(Referring expression grounding data)
==========

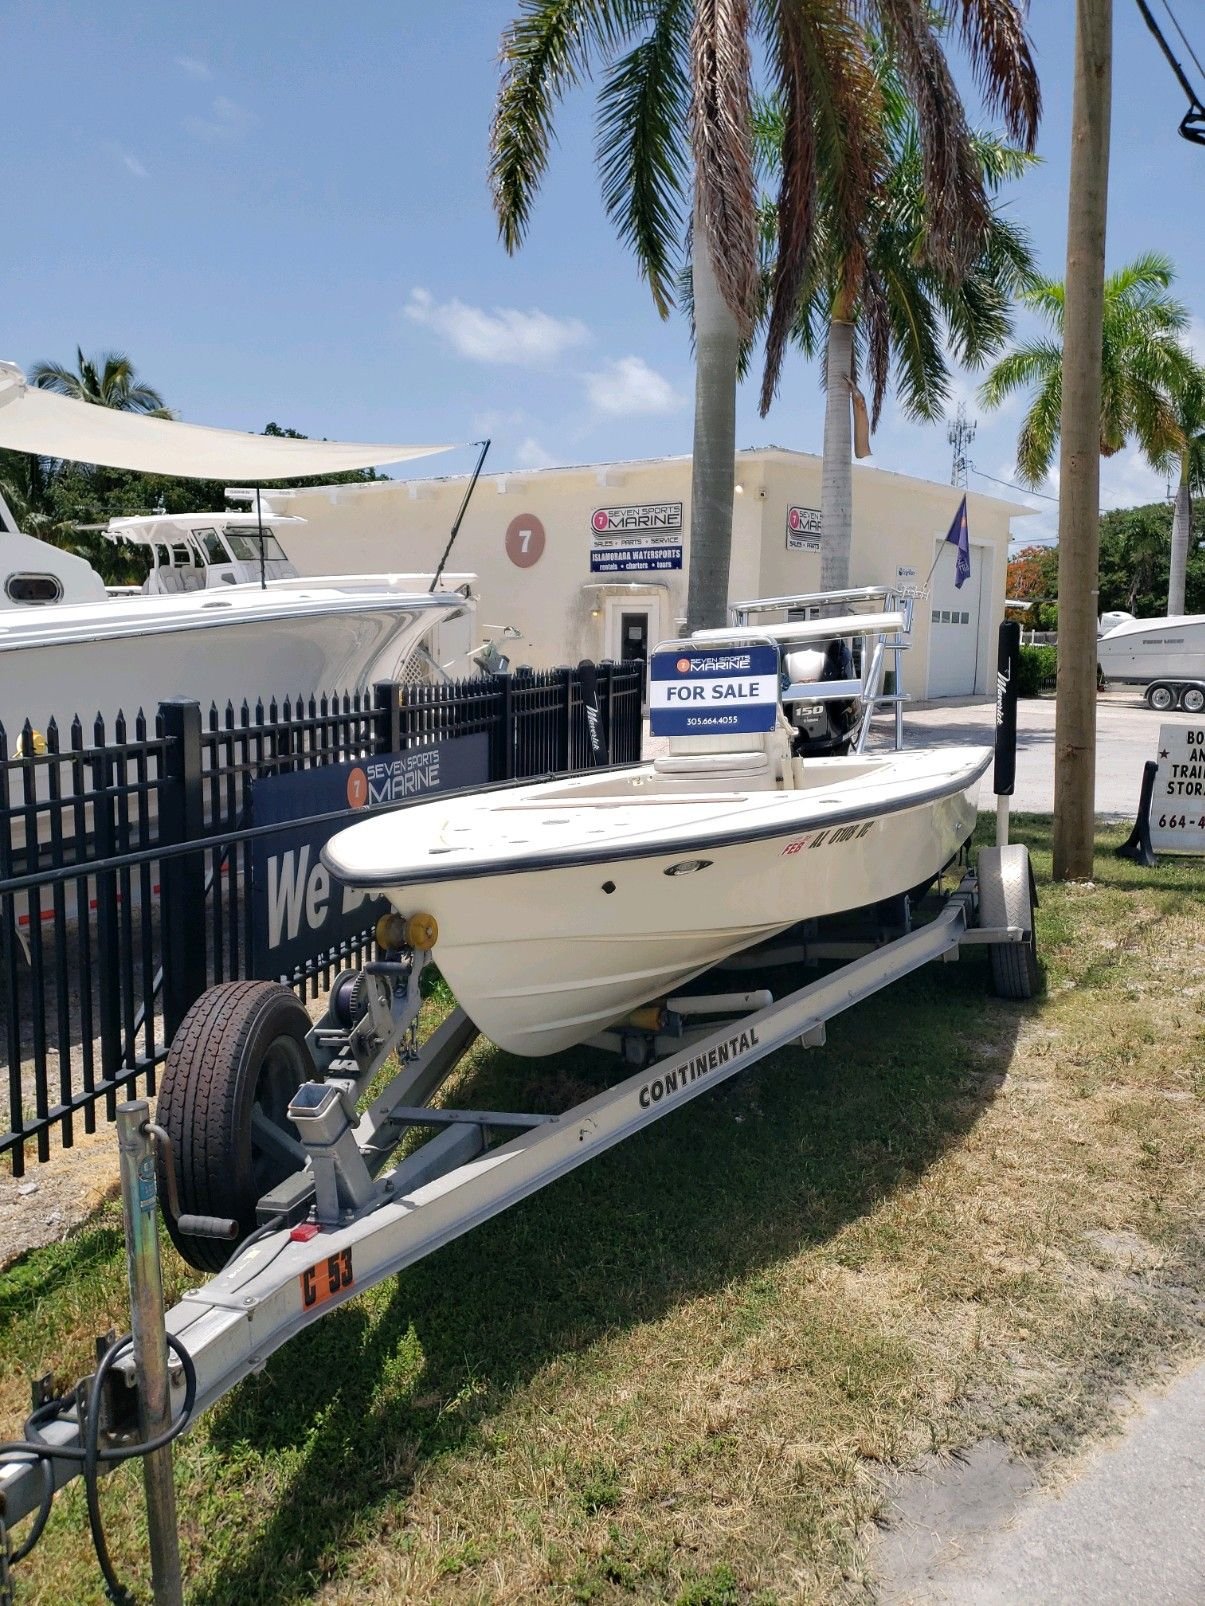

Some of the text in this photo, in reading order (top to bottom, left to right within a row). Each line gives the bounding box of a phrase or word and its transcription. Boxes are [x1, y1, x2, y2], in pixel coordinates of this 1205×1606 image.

[608, 505, 681, 518] SEVEN SPORTS
[598, 513, 681, 529] 7 MARINE
[518, 530, 532, 553] 7
[594, 540, 614, 548] SALES
[650, 536, 679, 544] SERVICE
[592, 549, 681, 562] ISLAMORADA WATERSPORTS
[625, 561, 649, 570] charters
[718, 654, 751, 662] SPORTS
[690, 660, 751, 672] MARINE
[666, 682, 760, 701] FOR SALE
[795, 705, 824, 717] 150
[686, 715, 738, 726] 305.664.4055
[366, 749, 440, 781] SEVEN SPORTS
[353, 763, 440, 805] 7 MARINE
[1167, 781, 1205, 796] STOR
[781, 841, 805, 856] FEB
[267, 844, 330, 950] We
[639, 1027, 760, 1109] CONTINENTAL
[303, 1246, 353, 1307] C 53
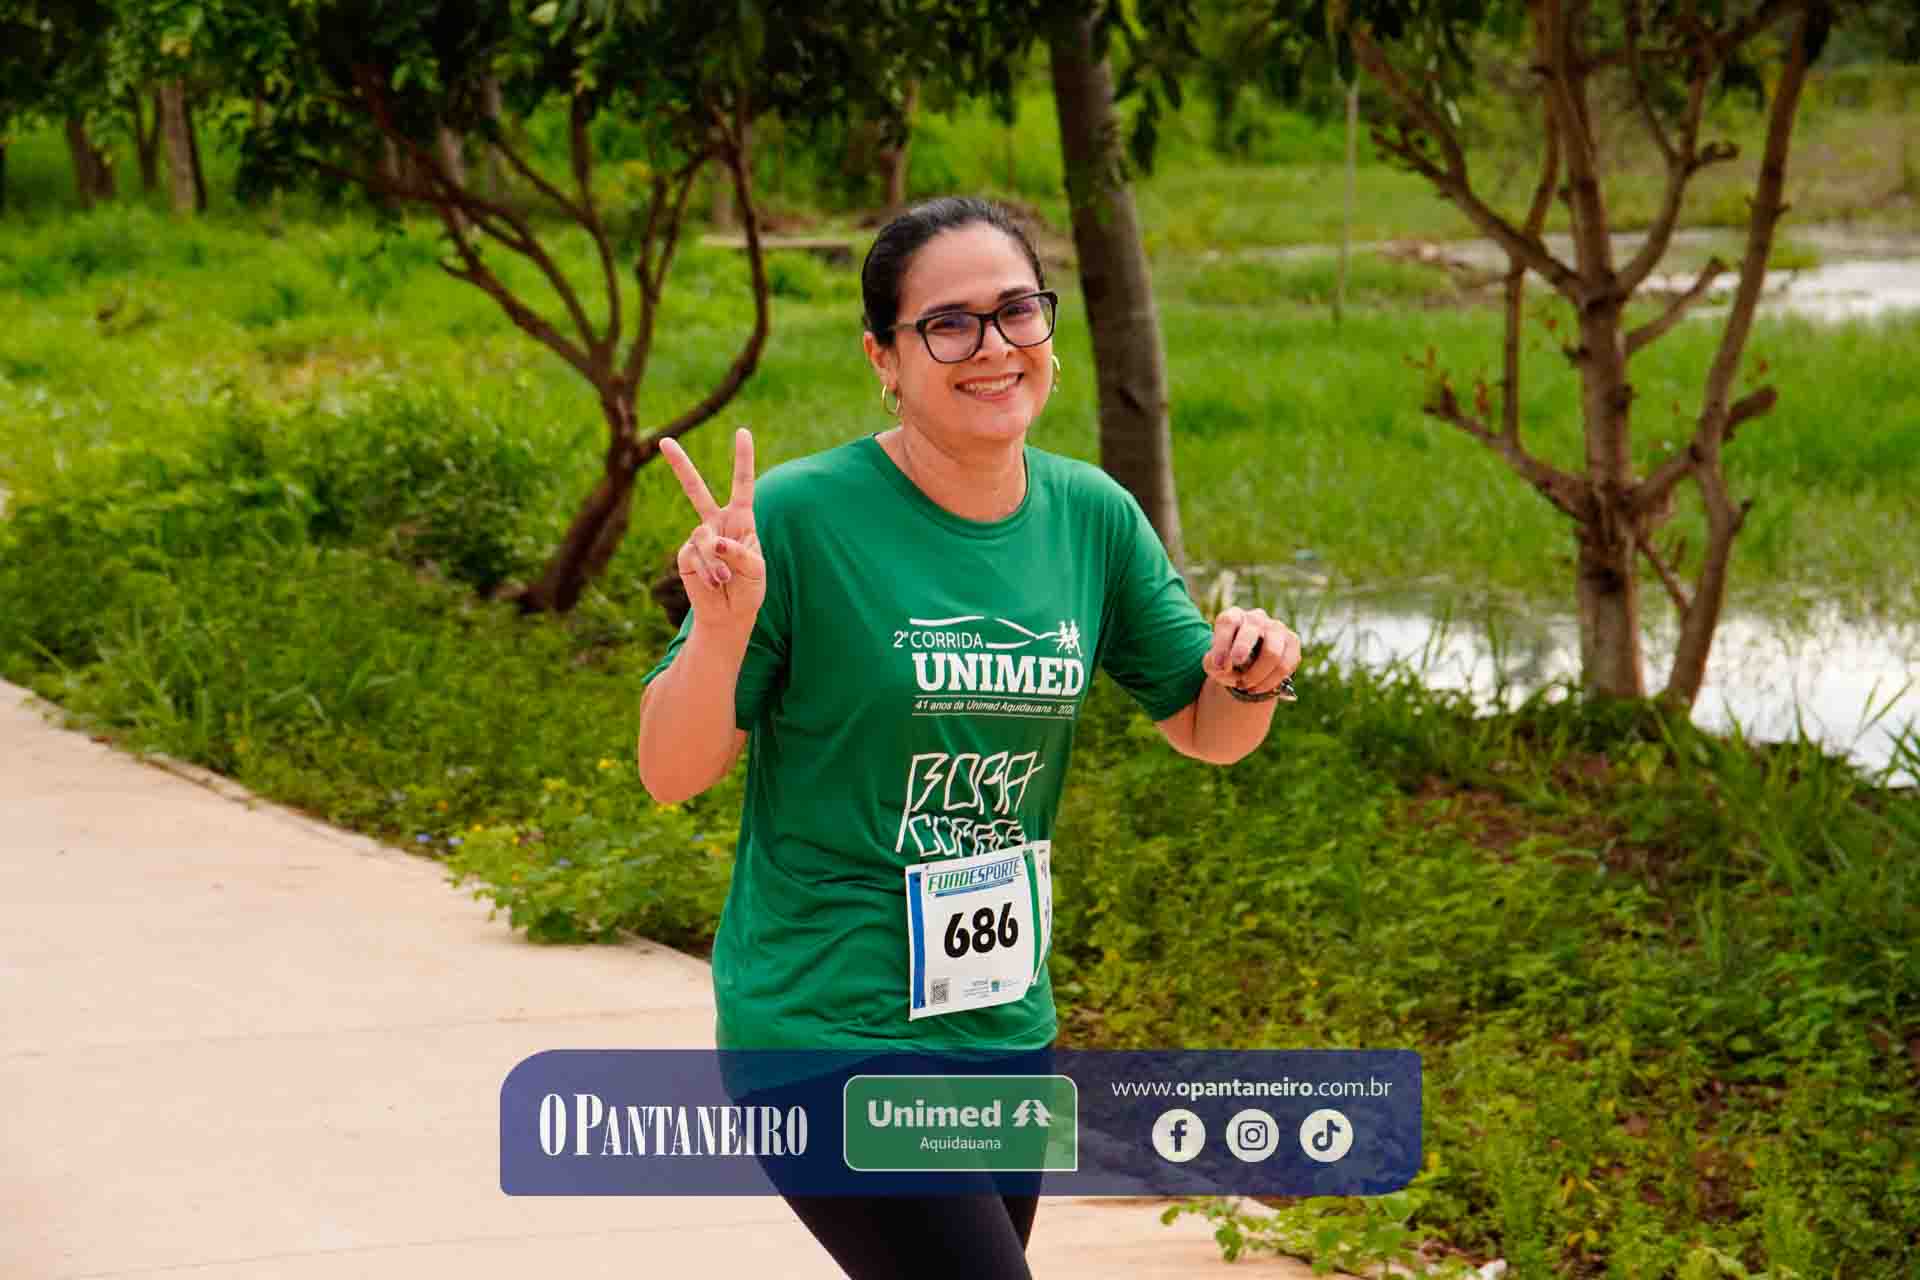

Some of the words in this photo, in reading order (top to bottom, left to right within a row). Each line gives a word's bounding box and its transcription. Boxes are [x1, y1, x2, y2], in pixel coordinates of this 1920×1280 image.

[911, 631, 984, 649] CORRIDA
[912, 652, 1084, 697] UNIMED
[915, 700, 929, 710] 41
[930, 702, 953, 711] anos
[966, 700, 1000, 712] Unimed
[1000, 702, 1052, 714] Aquidauana
[928, 859, 1020, 892] FUNDESPORTE
[944, 902, 1018, 958] 686

==========

Assignment
Could you set down the data exactly as given, minus its pictures?

Solution to this task
Some of the text in this photo, in reading order (top to bottom, left to right within a row). Each line gives the bounding box of a phrase or word and its transcription. Boxes are [x1, y1, x2, y2], in pixel coordinates of this 1205×1606 image.

[608, 505, 681, 518] SEVEN SPORTS
[598, 513, 681, 529] 7 MARINE
[518, 530, 532, 553] 7
[594, 540, 614, 548] SALES
[650, 536, 679, 544] SERVICE
[592, 549, 681, 562] ISLAMORADA WATERSPORTS
[625, 561, 649, 570] charters
[718, 654, 751, 662] SPORTS
[690, 660, 751, 672] MARINE
[666, 682, 760, 701] FOR SALE
[795, 705, 824, 717] 150
[686, 715, 738, 726] 305.664.4055
[366, 749, 440, 781] SEVEN SPORTS
[353, 763, 440, 805] 7 MARINE
[1167, 781, 1205, 796] STOR
[781, 841, 805, 856] FEB
[267, 844, 330, 950] We
[639, 1027, 760, 1109] CONTINENTAL
[303, 1246, 353, 1307] C 53

Some of the words in this photo, in reading order (top to bottom, left to right within a row). Each line gives a word's bounding box and its transcription. Boxes are [x1, y1, x2, y2], in pixel coordinates of this 1920×1280 image.

[911, 631, 984, 649] CORRIDA
[912, 652, 1084, 697] UNIMED
[915, 700, 929, 710] 41
[930, 702, 953, 711] anos
[966, 700, 1000, 712] Unimed
[1000, 702, 1052, 714] Aquidauana
[928, 859, 1020, 892] FUNDESPORTE
[944, 902, 1018, 958] 686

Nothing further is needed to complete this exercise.